Top of TASK MATERIAL

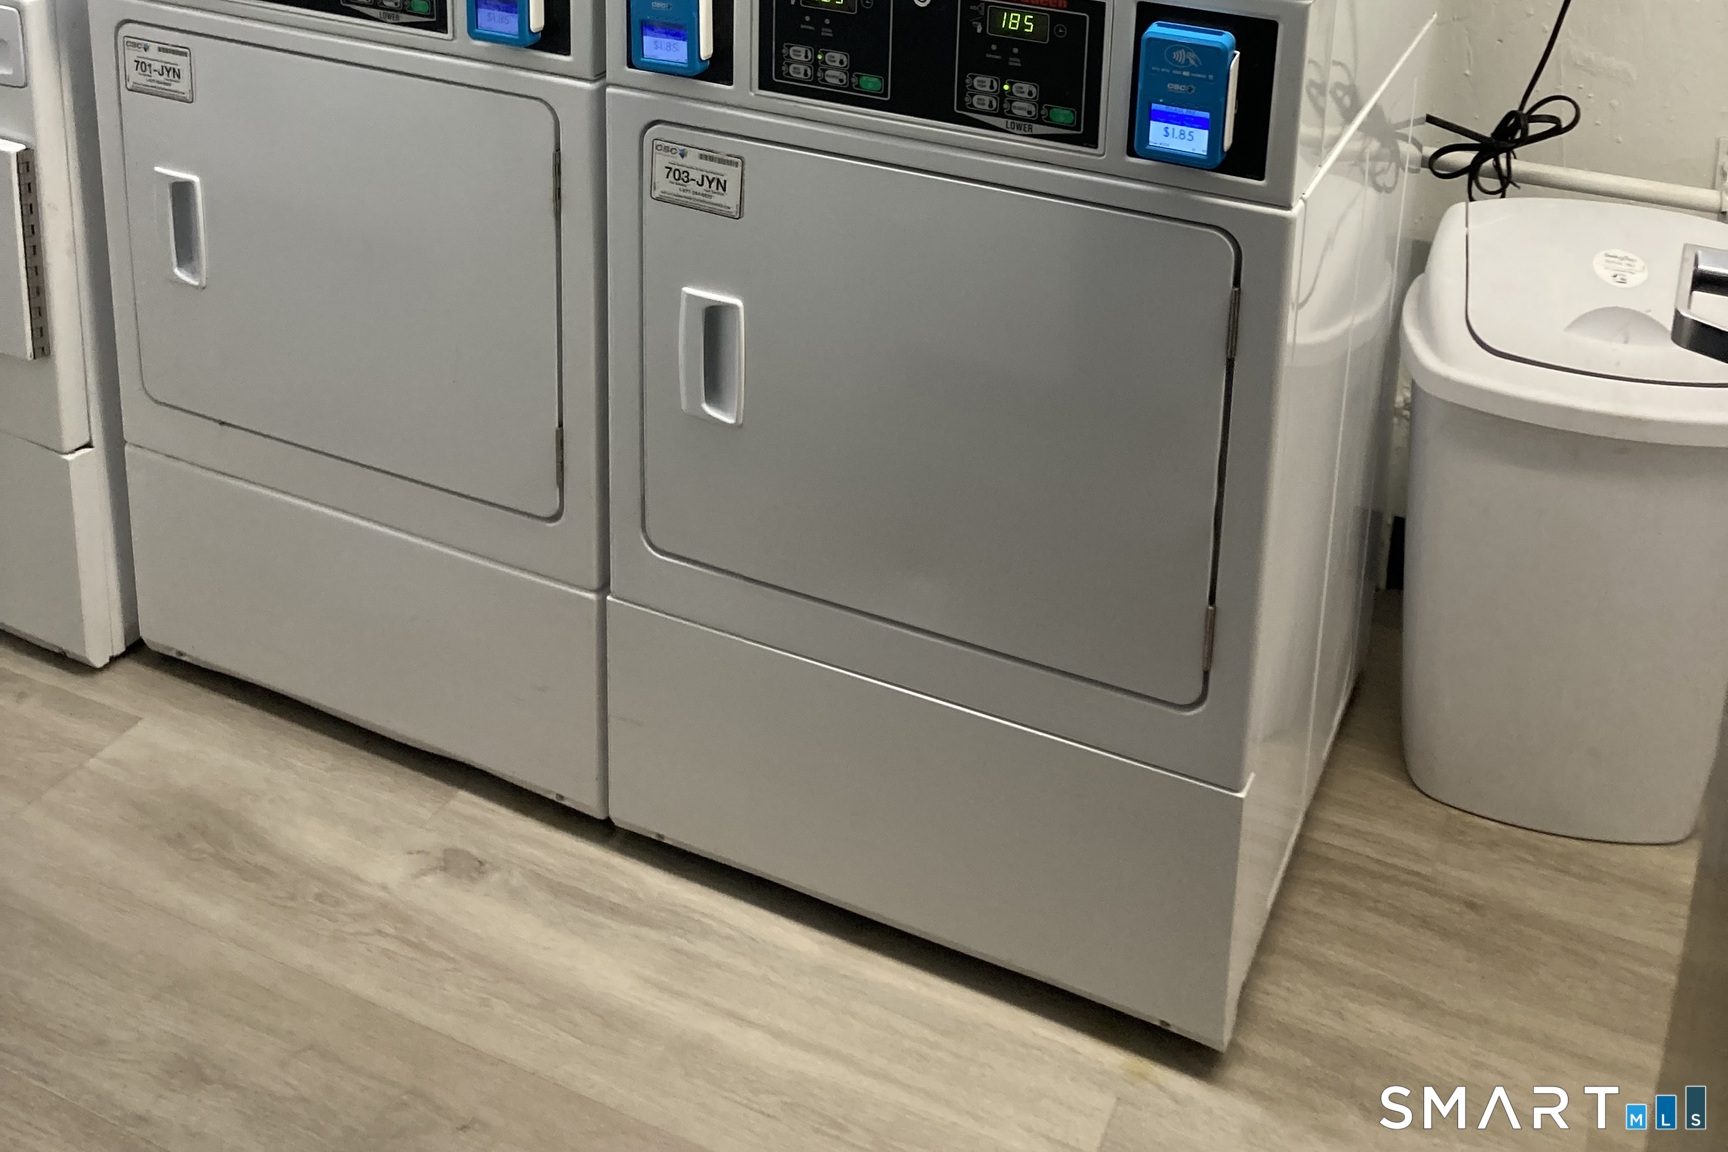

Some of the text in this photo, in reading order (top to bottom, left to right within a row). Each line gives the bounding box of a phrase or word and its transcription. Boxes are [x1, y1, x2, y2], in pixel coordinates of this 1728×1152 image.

[1001, 11, 1034, 33] 185
[653, 40, 679, 52] $185
[134, 59, 181, 80] 701-JYN
[1005, 120, 1033, 133] LOWER
[1163, 126, 1195, 142] $1.85
[655, 144, 678, 155] CSC
[664, 166, 727, 193] 703-JYN
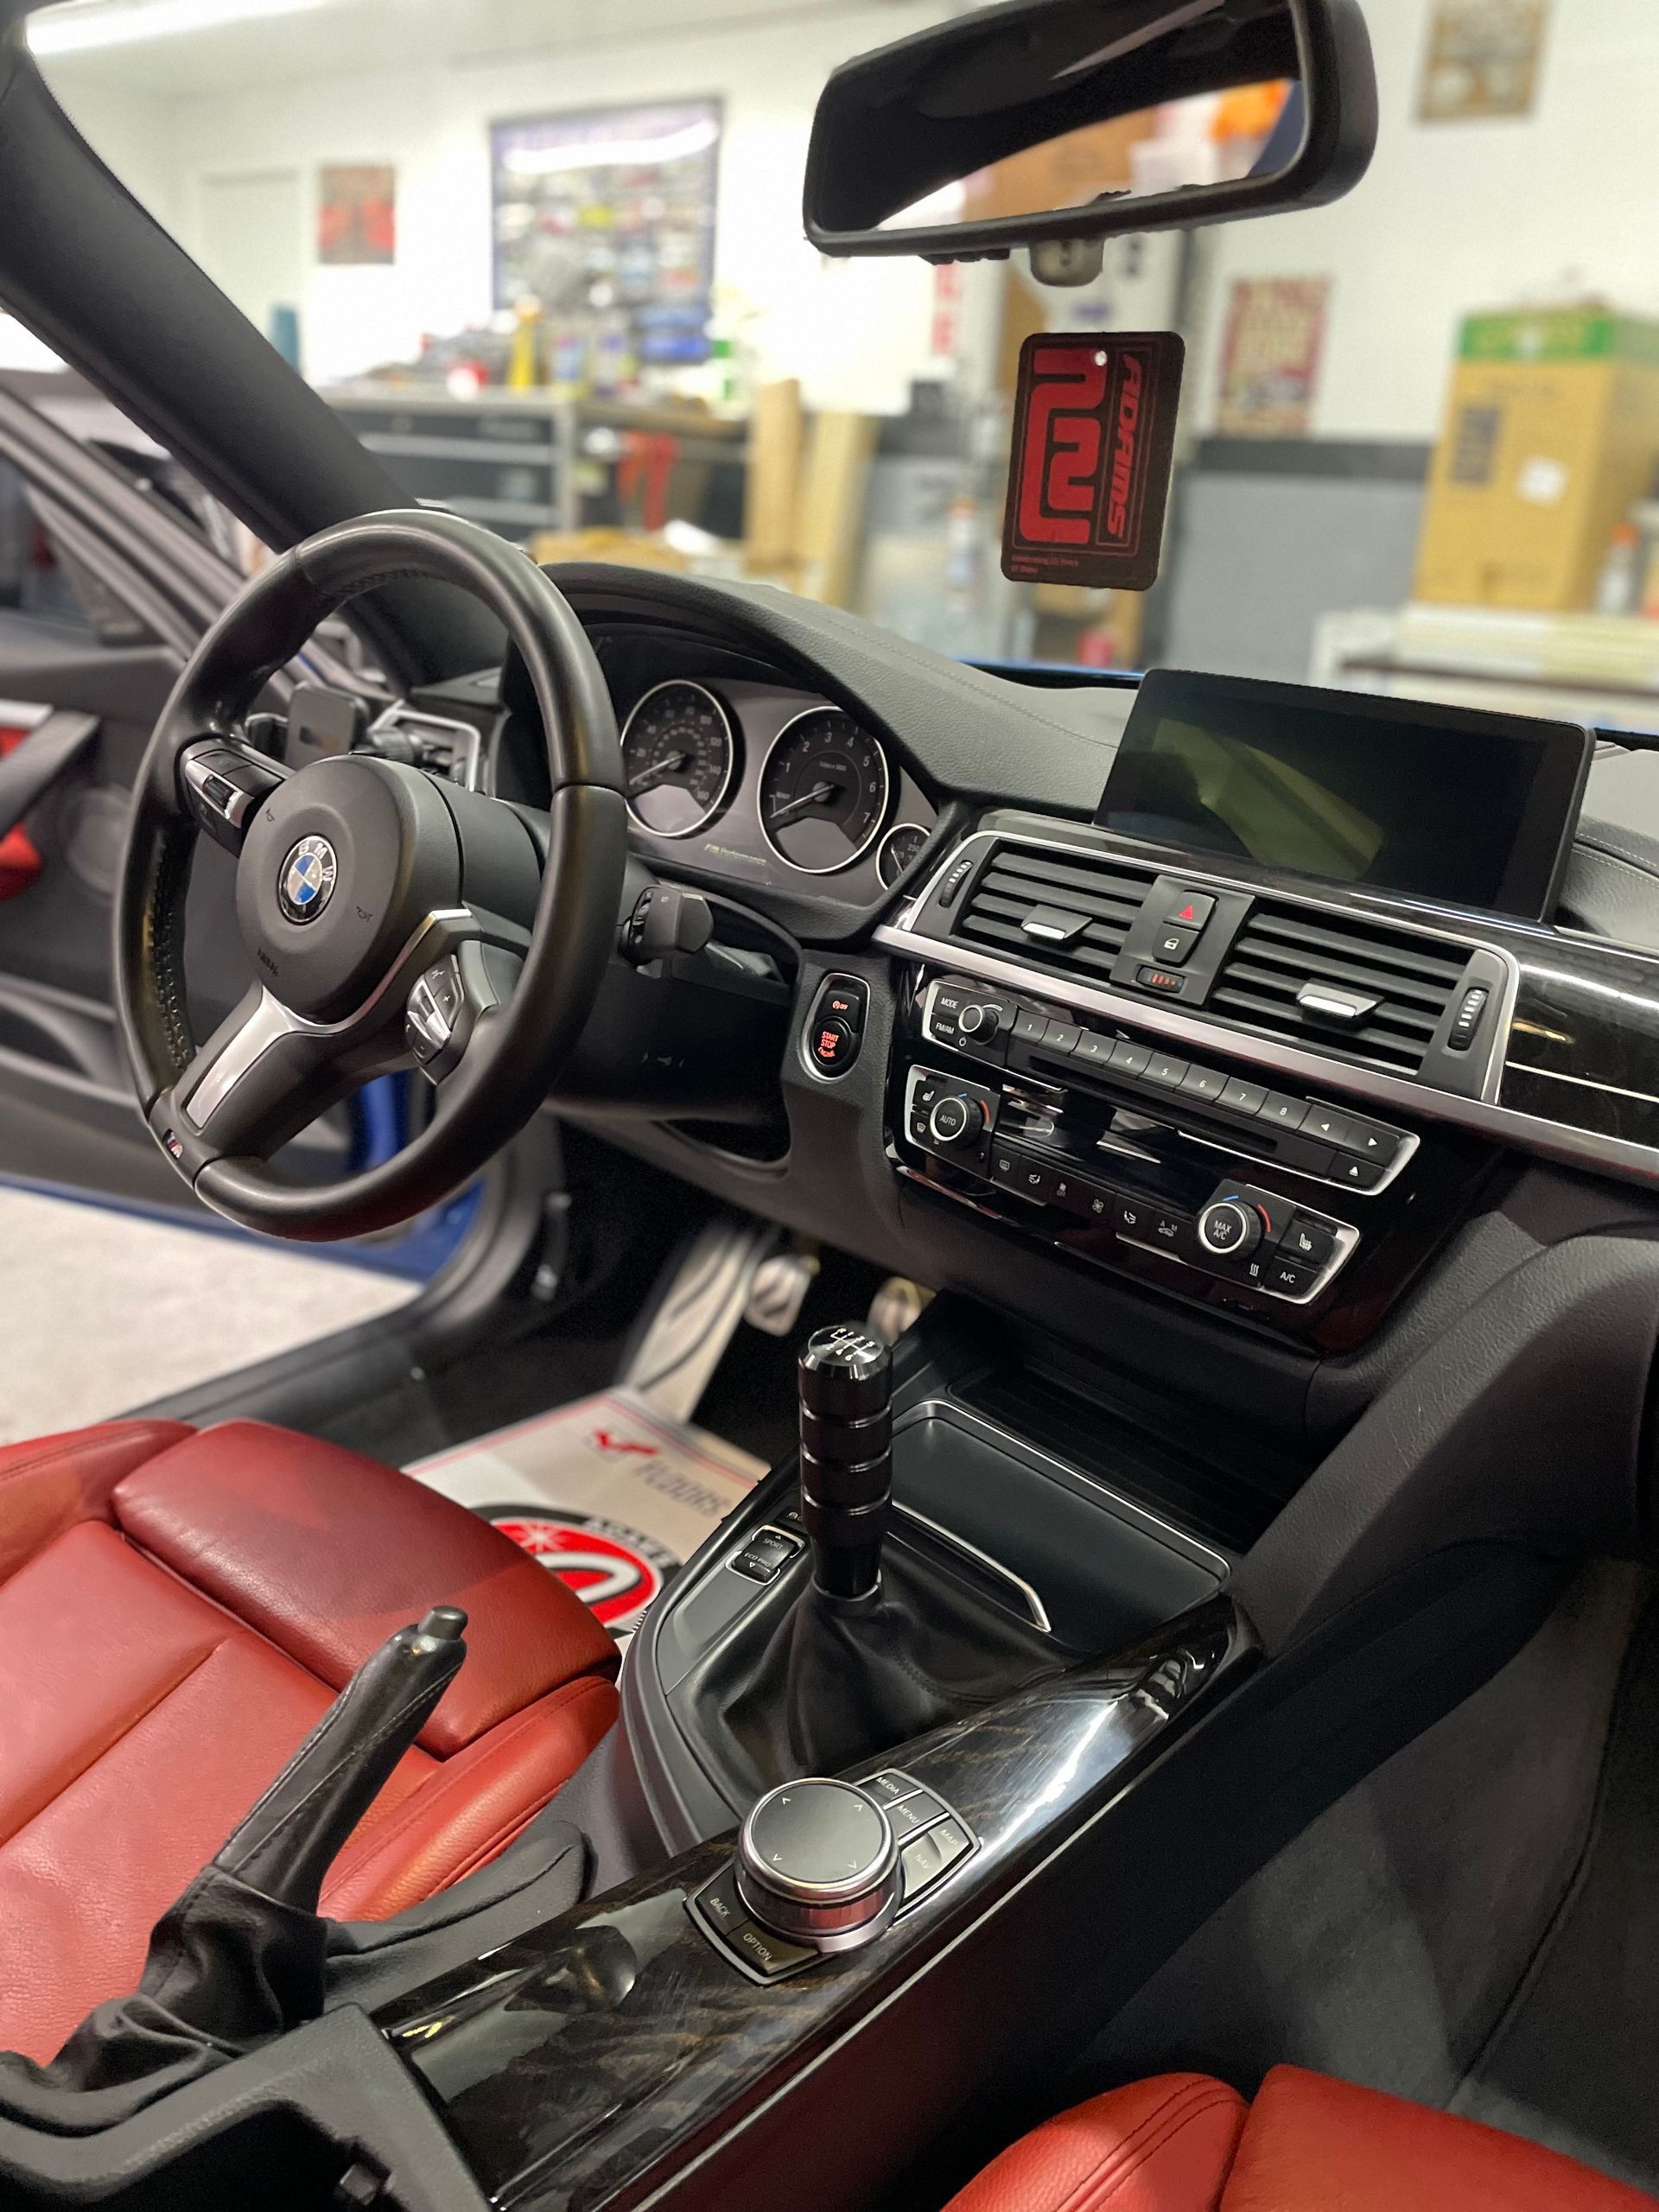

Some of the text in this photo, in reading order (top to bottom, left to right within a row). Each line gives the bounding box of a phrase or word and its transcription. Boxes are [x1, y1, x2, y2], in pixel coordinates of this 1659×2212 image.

Bottom of TASK MATERIAL

# REQUIRED WORK
Your copy of the data should match it exactly, apart from the images, which are omitted.

# ANSWER FOR THE TASK
Some of the text in this photo, in reading order (top to bottom, left to right within a row). Each line gives the bounding box of a phrase or word and its transcription. Boxes are [x1, y1, x2, y2], in pixel coordinates of this 1728×1152 image.

[1001, 11, 1034, 33] 185
[653, 40, 679, 52] $185
[134, 59, 181, 80] 701-JYN
[1005, 120, 1033, 133] LOWER
[1163, 126, 1195, 142] $1.85
[655, 144, 678, 155] CSC
[664, 166, 727, 193] 703-JYN

Some of the text in this photo, in reading order (top to bottom, left to right within a row). Each line gives the bounding box of a phrase or word and its transcription. Boxes are [x1, y1, x2, y2], in pixel coordinates of this 1659×2212 image.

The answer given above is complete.